══ GIVEN RECORDS ══
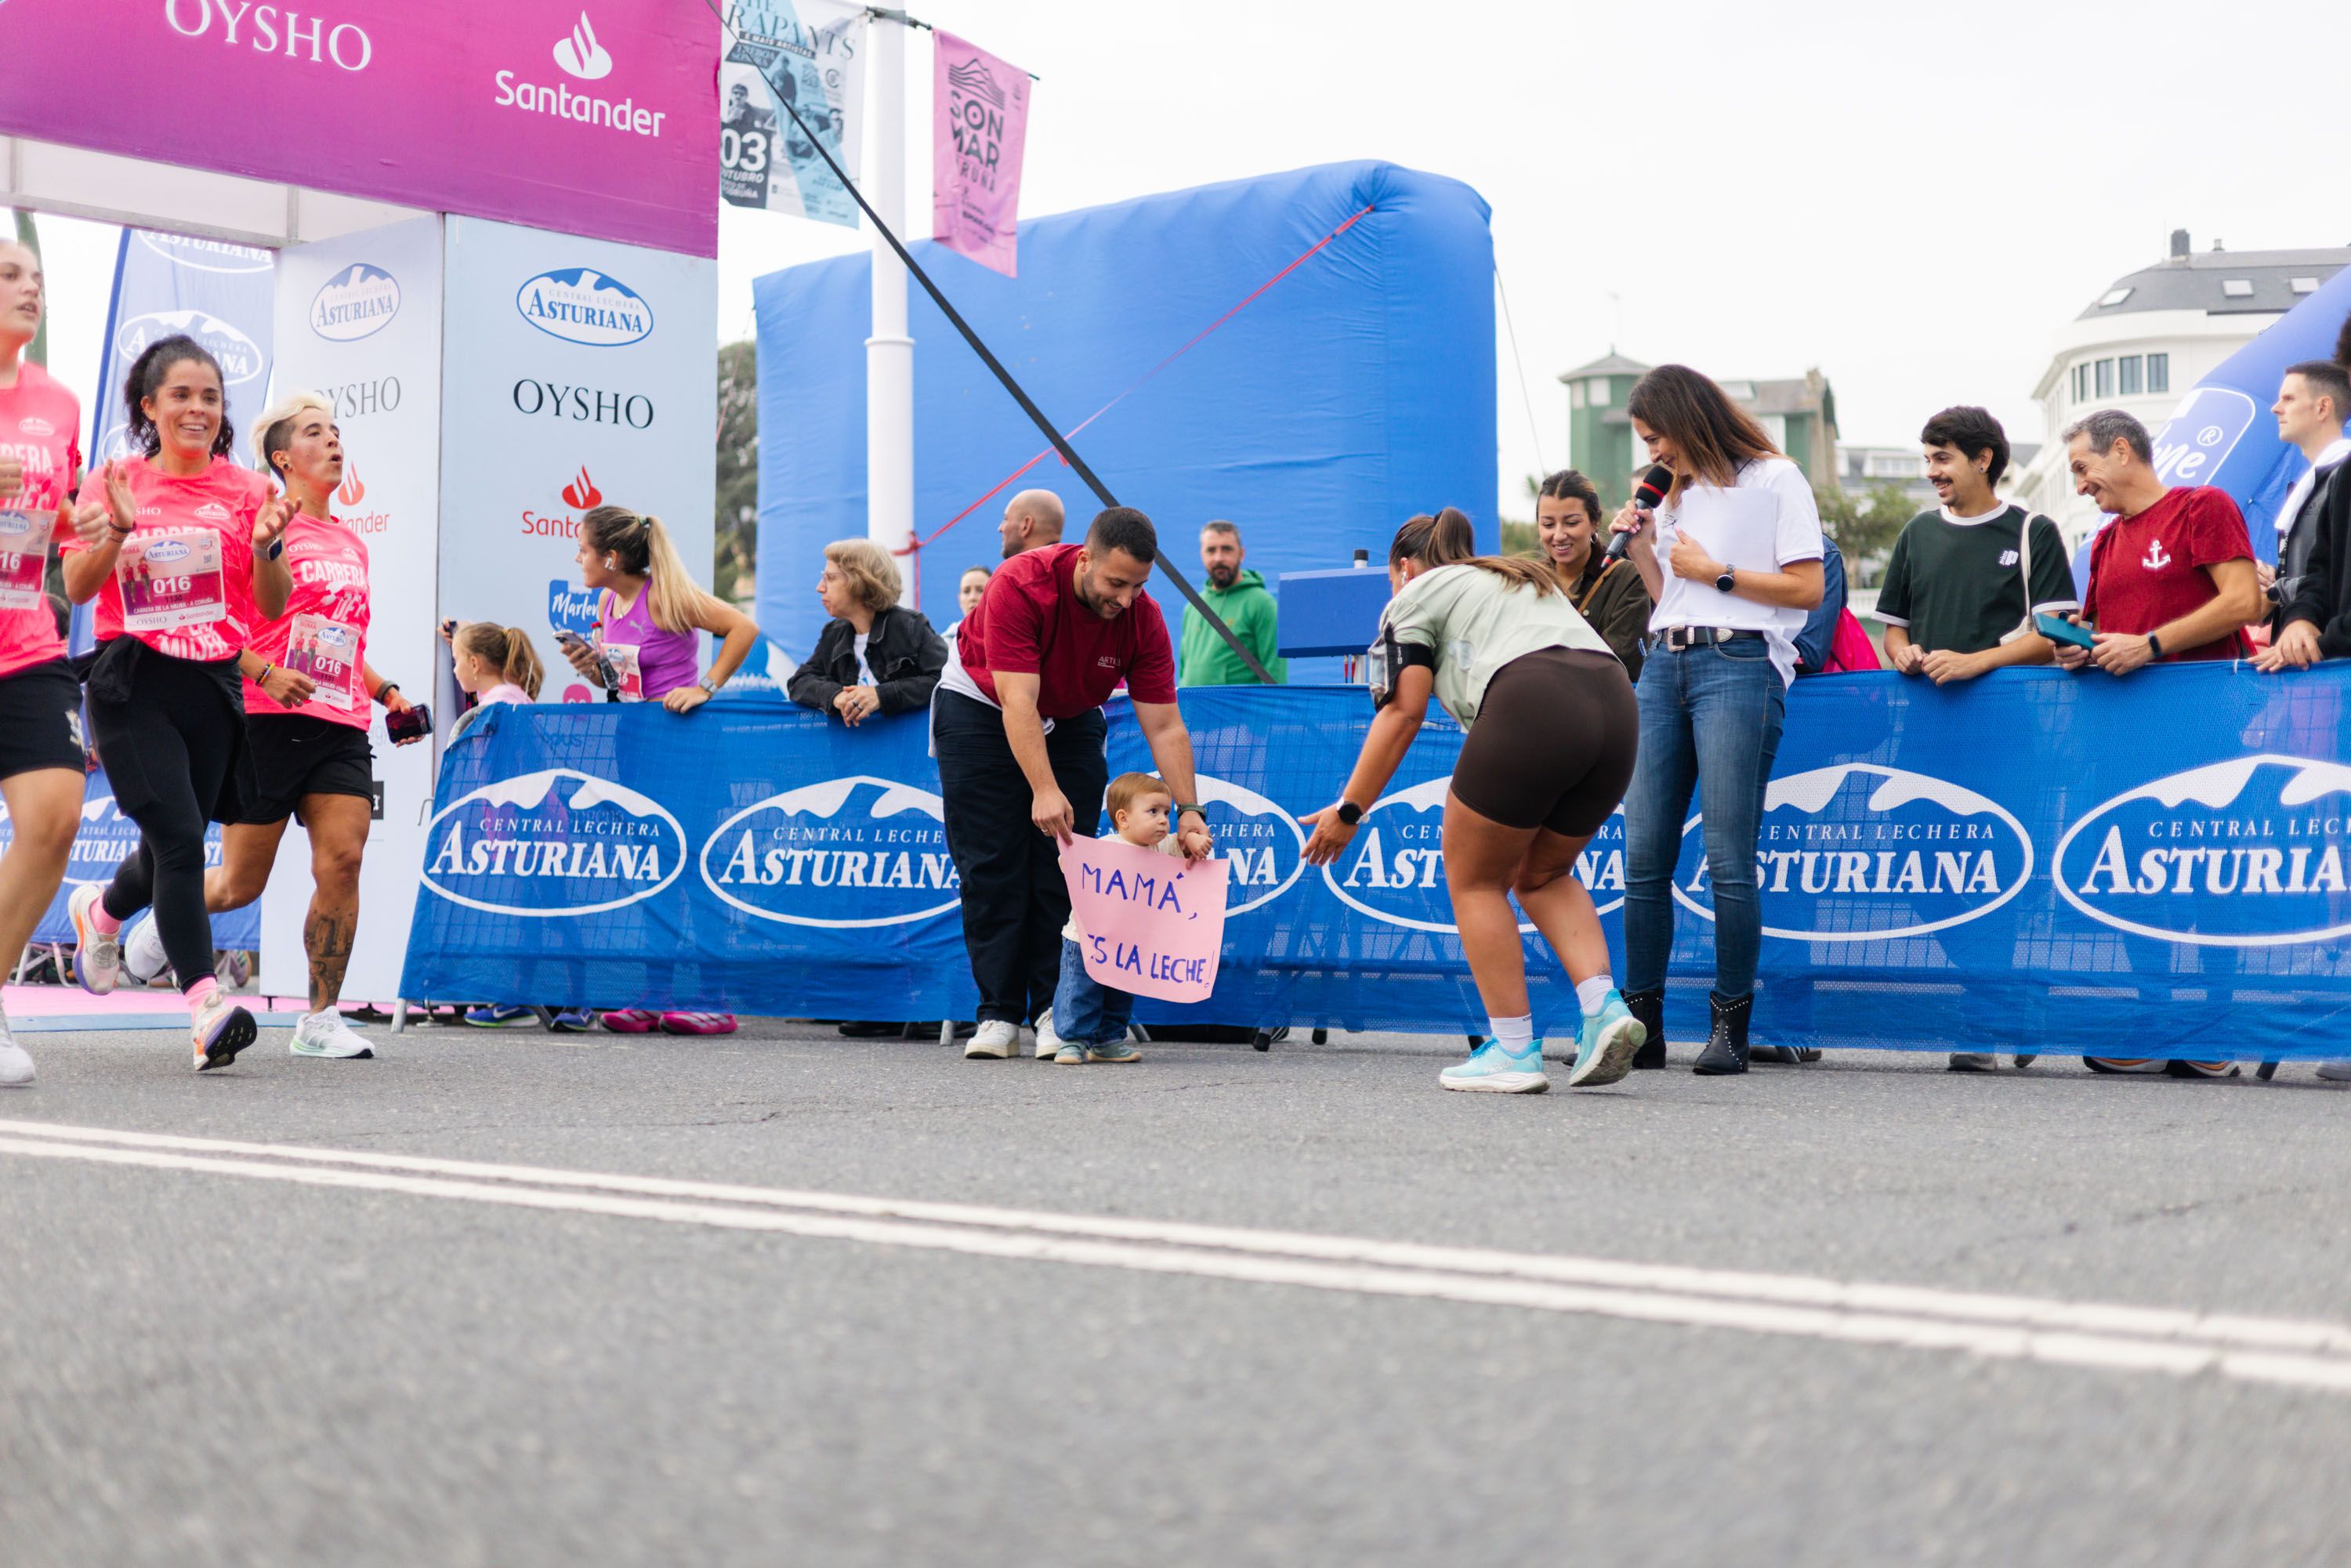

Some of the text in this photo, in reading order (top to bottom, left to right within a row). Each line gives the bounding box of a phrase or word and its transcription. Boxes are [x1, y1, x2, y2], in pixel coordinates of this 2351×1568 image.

[165, 0, 371, 71] OYSHO
[495, 70, 666, 137] Santander
[721, 128, 767, 172] 03
[316, 294, 394, 328] ASTURIANA
[527, 287, 644, 334] ASTURIANA
[549, 288, 593, 303] CENTRAL
[313, 376, 402, 420] YSHO
[513, 378, 654, 429] OYSHO
[135, 507, 161, 516] SHO
[147, 549, 188, 559] ASTURIANA
[153, 576, 192, 595] 016
[300, 559, 368, 592] CARRERA
[136, 610, 214, 626] OYSHO Santander
[315, 656, 342, 675] 016
[480, 817, 661, 837] CENTRAL LECHERA
[773, 827, 944, 844] CENTRAL LECHE
[1756, 824, 1994, 841] ENTRAL LECHERA
[2149, 820, 2275, 838] CENTRAL
[428, 820, 661, 882] ASTURIANA
[2078, 824, 2351, 895] ASTURIA
[1115, 943, 1143, 976] LA
═══
### [WHAT YOU WILL DO]
Write out all the entries word for word, but skip any images.

### [SOLUTION]
Some of the text in this photo, in reading order (top to bottom, left to right within a row). Each line gives the bounding box of a phrase or word and its transcription. Boxes are [x1, y1, x2, y2], in pixel coordinates of this 2351×1568 image.

[165, 0, 371, 71] OYSHO
[495, 70, 666, 137] Santander
[721, 128, 767, 172] 03
[316, 294, 394, 328] ASTURIANA
[527, 287, 644, 334] ASTURIANA
[549, 288, 593, 303] CENTRAL
[313, 376, 402, 420] YSHO
[513, 378, 654, 429] OYSHO
[135, 507, 161, 516] SHO
[147, 549, 188, 559] ASTURIANA
[153, 576, 192, 595] 016
[300, 559, 368, 592] CARRERA
[136, 610, 214, 626] OYSHO Santander
[315, 656, 342, 675] 016
[480, 817, 661, 837] CENTRAL LECHERA
[773, 827, 944, 844] CENTRAL LECHE
[1756, 824, 1994, 841] ENTRAL LECHERA
[2149, 820, 2275, 838] CENTRAL
[428, 820, 661, 882] ASTURIANA
[2078, 824, 2351, 895] ASTURIA
[1115, 943, 1143, 976] LA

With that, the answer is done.